Data under study:

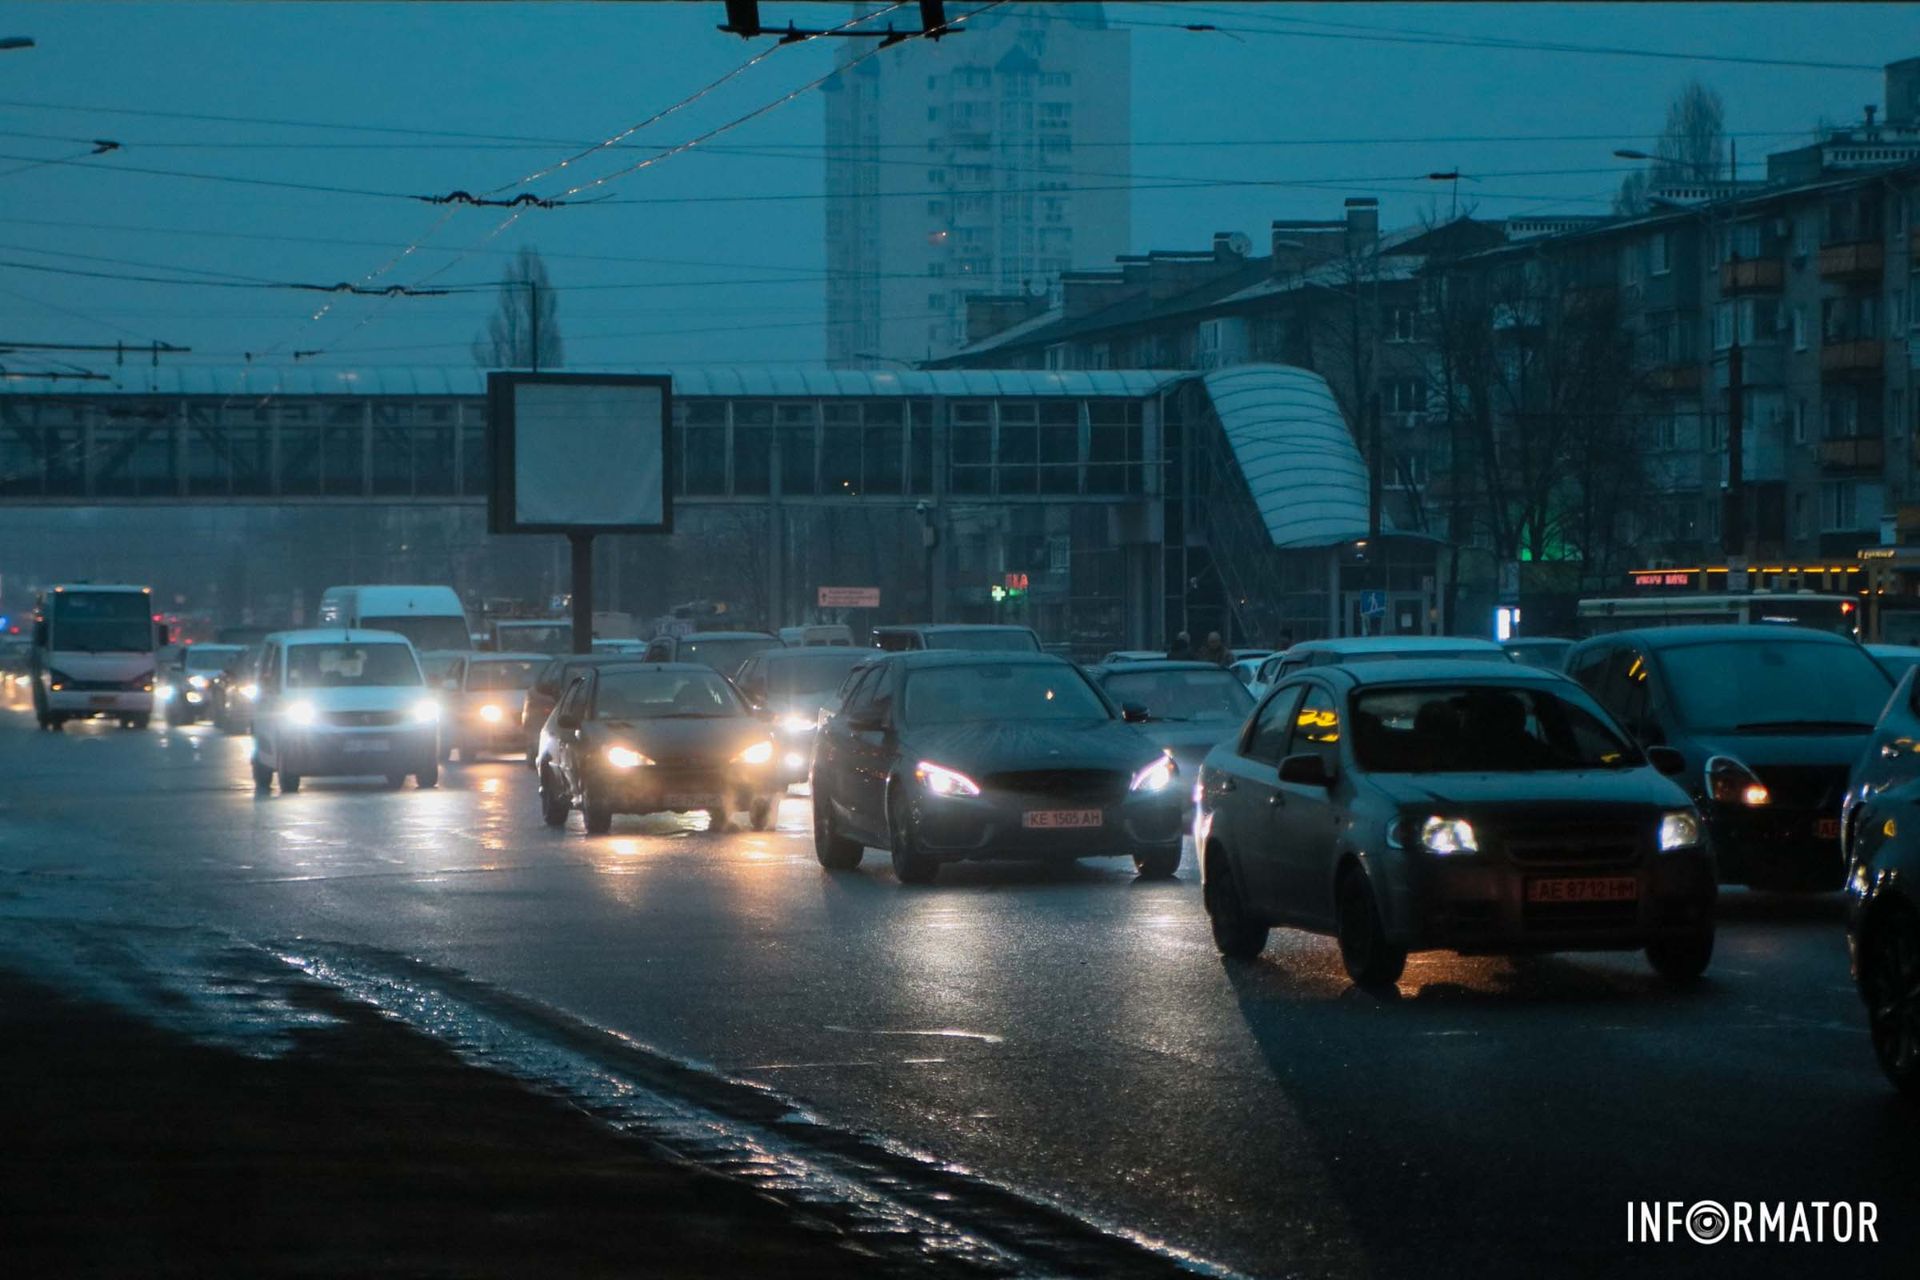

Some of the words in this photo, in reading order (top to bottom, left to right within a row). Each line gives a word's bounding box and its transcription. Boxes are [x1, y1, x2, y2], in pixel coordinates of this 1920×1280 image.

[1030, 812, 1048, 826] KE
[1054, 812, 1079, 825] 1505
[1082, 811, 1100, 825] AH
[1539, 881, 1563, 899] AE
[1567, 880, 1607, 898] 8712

---

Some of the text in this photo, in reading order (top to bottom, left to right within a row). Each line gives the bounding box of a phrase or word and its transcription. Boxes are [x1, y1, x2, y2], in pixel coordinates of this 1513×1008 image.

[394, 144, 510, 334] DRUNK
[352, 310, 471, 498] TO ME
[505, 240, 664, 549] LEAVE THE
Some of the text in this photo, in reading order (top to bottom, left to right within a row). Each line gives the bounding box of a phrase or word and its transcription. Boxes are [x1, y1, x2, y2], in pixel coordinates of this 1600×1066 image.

Exercise aim: Starting with the line above that holds "this 1513×1008 image." and stopping with the line that holds "this 1600×1066 image.", reproduce each line exactly, omitting all other lines.

Exercise answer:
Some of the text in this photo, in reading order (top to bottom, left to right within a row). Each line gives the bounding box of a phrase or word and its transcription. Boxes are [x1, y1, x2, y2], in pixel coordinates of this 1513×1008 image.

[394, 144, 510, 334] DRUNK
[352, 310, 471, 498] TO ME
[505, 240, 664, 549] LEAVE THE
Some of the text in this photo, in reading order (top to bottom, left to right within a row). Each line gives the bounding box of a phrase or word and its transcription. Boxes are [x1, y1, x2, y2], in pixel coordinates of this 1600×1066 image.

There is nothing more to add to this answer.